[Records excerpted from a collection]
◇ ◇ ◇

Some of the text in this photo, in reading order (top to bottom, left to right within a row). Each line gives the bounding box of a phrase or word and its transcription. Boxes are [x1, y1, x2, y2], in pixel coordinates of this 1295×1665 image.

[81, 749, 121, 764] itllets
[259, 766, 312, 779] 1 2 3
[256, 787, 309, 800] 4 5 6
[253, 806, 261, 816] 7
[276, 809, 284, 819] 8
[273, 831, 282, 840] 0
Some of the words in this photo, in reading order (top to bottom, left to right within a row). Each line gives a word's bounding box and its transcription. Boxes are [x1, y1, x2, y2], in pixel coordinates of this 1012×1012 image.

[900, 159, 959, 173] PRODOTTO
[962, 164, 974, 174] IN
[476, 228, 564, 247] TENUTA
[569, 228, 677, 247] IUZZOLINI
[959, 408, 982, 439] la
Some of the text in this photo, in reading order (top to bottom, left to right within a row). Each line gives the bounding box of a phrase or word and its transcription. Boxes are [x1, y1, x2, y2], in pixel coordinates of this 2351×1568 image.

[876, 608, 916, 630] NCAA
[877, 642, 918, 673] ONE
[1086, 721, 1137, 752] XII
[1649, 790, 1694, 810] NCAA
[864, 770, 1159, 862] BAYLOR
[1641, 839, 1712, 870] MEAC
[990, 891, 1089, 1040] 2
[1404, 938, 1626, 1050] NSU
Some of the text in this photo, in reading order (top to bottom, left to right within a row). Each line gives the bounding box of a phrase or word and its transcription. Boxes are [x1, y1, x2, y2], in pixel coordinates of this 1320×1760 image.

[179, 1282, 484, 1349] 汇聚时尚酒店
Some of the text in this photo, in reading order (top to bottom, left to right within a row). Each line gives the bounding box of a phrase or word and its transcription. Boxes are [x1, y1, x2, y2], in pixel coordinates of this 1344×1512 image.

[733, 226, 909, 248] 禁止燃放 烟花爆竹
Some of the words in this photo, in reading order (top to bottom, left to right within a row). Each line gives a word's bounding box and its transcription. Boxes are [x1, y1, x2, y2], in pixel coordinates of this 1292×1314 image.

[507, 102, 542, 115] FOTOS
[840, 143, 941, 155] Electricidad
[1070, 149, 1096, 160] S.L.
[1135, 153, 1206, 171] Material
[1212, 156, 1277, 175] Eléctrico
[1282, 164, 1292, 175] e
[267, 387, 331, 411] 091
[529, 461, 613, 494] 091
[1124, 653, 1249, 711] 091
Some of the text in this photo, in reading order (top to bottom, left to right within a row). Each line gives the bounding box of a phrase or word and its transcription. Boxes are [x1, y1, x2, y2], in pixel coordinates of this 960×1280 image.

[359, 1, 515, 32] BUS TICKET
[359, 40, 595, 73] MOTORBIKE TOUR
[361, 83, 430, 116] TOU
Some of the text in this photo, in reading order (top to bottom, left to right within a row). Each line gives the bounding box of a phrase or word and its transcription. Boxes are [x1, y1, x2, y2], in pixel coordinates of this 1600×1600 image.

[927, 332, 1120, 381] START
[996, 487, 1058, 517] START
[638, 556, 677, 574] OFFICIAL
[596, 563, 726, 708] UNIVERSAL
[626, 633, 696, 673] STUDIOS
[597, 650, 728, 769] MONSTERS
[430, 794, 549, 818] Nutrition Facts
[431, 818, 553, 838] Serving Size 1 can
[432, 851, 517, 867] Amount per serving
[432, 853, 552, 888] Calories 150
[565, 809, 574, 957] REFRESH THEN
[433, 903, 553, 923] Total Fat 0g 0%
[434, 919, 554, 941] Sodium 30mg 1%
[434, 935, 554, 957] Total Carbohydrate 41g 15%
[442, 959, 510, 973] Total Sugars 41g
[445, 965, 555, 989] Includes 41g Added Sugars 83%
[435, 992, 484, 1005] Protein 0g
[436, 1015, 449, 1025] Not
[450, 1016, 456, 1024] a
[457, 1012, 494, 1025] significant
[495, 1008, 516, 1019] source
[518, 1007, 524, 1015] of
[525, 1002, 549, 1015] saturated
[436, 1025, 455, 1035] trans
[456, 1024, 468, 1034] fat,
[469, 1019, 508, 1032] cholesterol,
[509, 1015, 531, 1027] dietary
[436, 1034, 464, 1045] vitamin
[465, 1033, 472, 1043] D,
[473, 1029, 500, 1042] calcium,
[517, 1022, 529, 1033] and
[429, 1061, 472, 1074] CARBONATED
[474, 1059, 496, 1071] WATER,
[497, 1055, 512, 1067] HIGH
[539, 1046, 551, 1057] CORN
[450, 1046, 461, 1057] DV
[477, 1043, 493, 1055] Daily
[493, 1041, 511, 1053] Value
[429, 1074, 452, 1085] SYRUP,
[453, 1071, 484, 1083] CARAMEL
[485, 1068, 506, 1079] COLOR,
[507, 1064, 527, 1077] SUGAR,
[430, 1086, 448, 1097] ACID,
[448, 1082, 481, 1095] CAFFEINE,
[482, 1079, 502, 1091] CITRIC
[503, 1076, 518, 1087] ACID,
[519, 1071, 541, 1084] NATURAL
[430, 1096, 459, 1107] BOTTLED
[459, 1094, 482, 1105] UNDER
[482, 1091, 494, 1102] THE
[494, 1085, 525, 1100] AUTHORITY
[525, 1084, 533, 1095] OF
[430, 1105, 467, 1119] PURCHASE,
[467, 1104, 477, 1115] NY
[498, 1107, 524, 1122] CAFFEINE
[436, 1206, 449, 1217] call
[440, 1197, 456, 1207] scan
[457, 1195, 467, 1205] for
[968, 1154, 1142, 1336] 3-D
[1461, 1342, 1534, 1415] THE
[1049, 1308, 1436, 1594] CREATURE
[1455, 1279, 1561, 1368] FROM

◇ ◇ ◇

- _About this exercise_:
Once more, print all the records exactly.

- _Result of the task_:
Some of the text in this photo, in reading order (top to bottom, left to right within a row). Each line gives the bounding box of a phrase or word and its transcription. Boxes are [x1, y1, x2, y2], in pixel coordinates of this 1295×1665 image.

[81, 749, 121, 764] itllets
[259, 766, 312, 779] 1 2 3
[256, 787, 309, 800] 4 5 6
[253, 806, 261, 816] 7
[276, 809, 284, 819] 8
[273, 831, 282, 840] 0
Some of the words in this photo, in reading order (top to bottom, left to right within a row). Each line gives a word's bounding box and its transcription. Boxes are [x1, y1, x2, y2], in pixel coordinates of this 1012×1012 image.

[900, 159, 959, 173] PRODOTTO
[962, 164, 974, 174] IN
[476, 228, 564, 247] TENUTA
[569, 228, 677, 247] IUZZOLINI
[959, 408, 982, 439] la
Some of the text in this photo, in reading order (top to bottom, left to right within a row). Each line gives the bounding box of a phrase or word and its transcription. Boxes are [x1, y1, x2, y2], in pixel coordinates of this 2351×1568 image.

[876, 608, 916, 630] NCAA
[877, 642, 918, 673] ONE
[1086, 721, 1137, 752] XII
[1649, 790, 1694, 810] NCAA
[864, 770, 1159, 862] BAYLOR
[1641, 839, 1712, 870] MEAC
[990, 891, 1089, 1040] 2
[1404, 938, 1626, 1050] NSU
Some of the text in this photo, in reading order (top to bottom, left to right within a row). Each line gives the bounding box of a phrase or word and its transcription. Boxes are [x1, y1, x2, y2], in pixel coordinates of this 1320×1760 image.

[179, 1282, 484, 1349] 汇聚时尚酒店
Some of the text in this photo, in reading order (top to bottom, left to right within a row). Each line gives the bounding box of a phrase or word and its transcription. Boxes are [x1, y1, x2, y2], in pixel coordinates of this 1344×1512 image.

[733, 226, 909, 248] 禁止燃放 烟花爆竹
Some of the words in this photo, in reading order (top to bottom, left to right within a row). Each line gives a word's bounding box and its transcription. Boxes are [x1, y1, x2, y2], in pixel coordinates of this 1292×1314 image.

[507, 102, 542, 115] FOTOS
[840, 143, 941, 155] Electricidad
[1070, 149, 1096, 160] S.L.
[1135, 153, 1206, 171] Material
[1212, 156, 1277, 175] Eléctrico
[1282, 164, 1292, 175] e
[267, 387, 331, 411] 091
[529, 461, 613, 494] 091
[1124, 653, 1249, 711] 091
Some of the text in this photo, in reading order (top to bottom, left to right within a row). Each line gives the bounding box of a phrase or word and its transcription. Boxes are [x1, y1, x2, y2], in pixel coordinates of this 960×1280 image.

[359, 1, 515, 32] BUS TICKET
[359, 40, 595, 73] MOTORBIKE TOUR
[361, 83, 430, 116] TOU
Some of the text in this photo, in reading order (top to bottom, left to right within a row). Each line gives the bounding box of a phrase or word and its transcription. Boxes are [x1, y1, x2, y2], in pixel coordinates of this 1600×1600 image.

[927, 332, 1120, 381] START
[996, 487, 1058, 517] START
[638, 556, 677, 574] OFFICIAL
[596, 563, 726, 708] UNIVERSAL
[626, 633, 696, 673] STUDIOS
[597, 650, 728, 769] MONSTERS
[430, 794, 549, 818] Nutrition Facts
[431, 818, 553, 838] Serving Size 1 can
[432, 851, 517, 867] Amount per serving
[432, 853, 552, 888] Calories 150
[565, 809, 574, 957] REFRESH THEN
[433, 903, 553, 923] Total Fat 0g 0%
[434, 919, 554, 941] Sodium 30mg 1%
[434, 935, 554, 957] Total Carbohydrate 41g 15%
[442, 959, 510, 973] Total Sugars 41g
[445, 965, 555, 989] Includes 41g Added Sugars 83%
[435, 992, 484, 1005] Protein 0g
[436, 1015, 449, 1025] Not
[450, 1016, 456, 1024] a
[457, 1012, 494, 1025] significant
[495, 1008, 516, 1019] source
[518, 1007, 524, 1015] of
[525, 1002, 549, 1015] saturated
[436, 1025, 455, 1035] trans
[456, 1024, 468, 1034] fat,
[469, 1019, 508, 1032] cholesterol,
[509, 1015, 531, 1027] dietary
[436, 1034, 464, 1045] vitamin
[465, 1033, 472, 1043] D,
[473, 1029, 500, 1042] calcium,
[517, 1022, 529, 1033] and
[429, 1061, 472, 1074] CARBONATED
[474, 1059, 496, 1071] WATER,
[497, 1055, 512, 1067] HIGH
[539, 1046, 551, 1057] CORN
[450, 1046, 461, 1057] DV
[477, 1043, 493, 1055] Daily
[493, 1041, 511, 1053] Value
[429, 1074, 452, 1085] SYRUP,
[453, 1071, 484, 1083] CARAMEL
[485, 1068, 506, 1079] COLOR,
[507, 1064, 527, 1077] SUGAR,
[430, 1086, 448, 1097] ACID,
[448, 1082, 481, 1095] CAFFEINE,
[482, 1079, 502, 1091] CITRIC
[503, 1076, 518, 1087] ACID,
[519, 1071, 541, 1084] NATURAL
[430, 1096, 459, 1107] BOTTLED
[459, 1094, 482, 1105] UNDER
[482, 1091, 494, 1102] THE
[494, 1085, 525, 1100] AUTHORITY
[525, 1084, 533, 1095] OF
[430, 1105, 467, 1119] PURCHASE,
[467, 1104, 477, 1115] NY
[498, 1107, 524, 1122] CAFFEINE
[436, 1206, 449, 1217] call
[440, 1197, 456, 1207] scan
[457, 1195, 467, 1205] for
[968, 1154, 1142, 1336] 3-D
[1461, 1342, 1534, 1415] THE
[1049, 1308, 1436, 1594] CREATURE
[1455, 1279, 1561, 1368] FROM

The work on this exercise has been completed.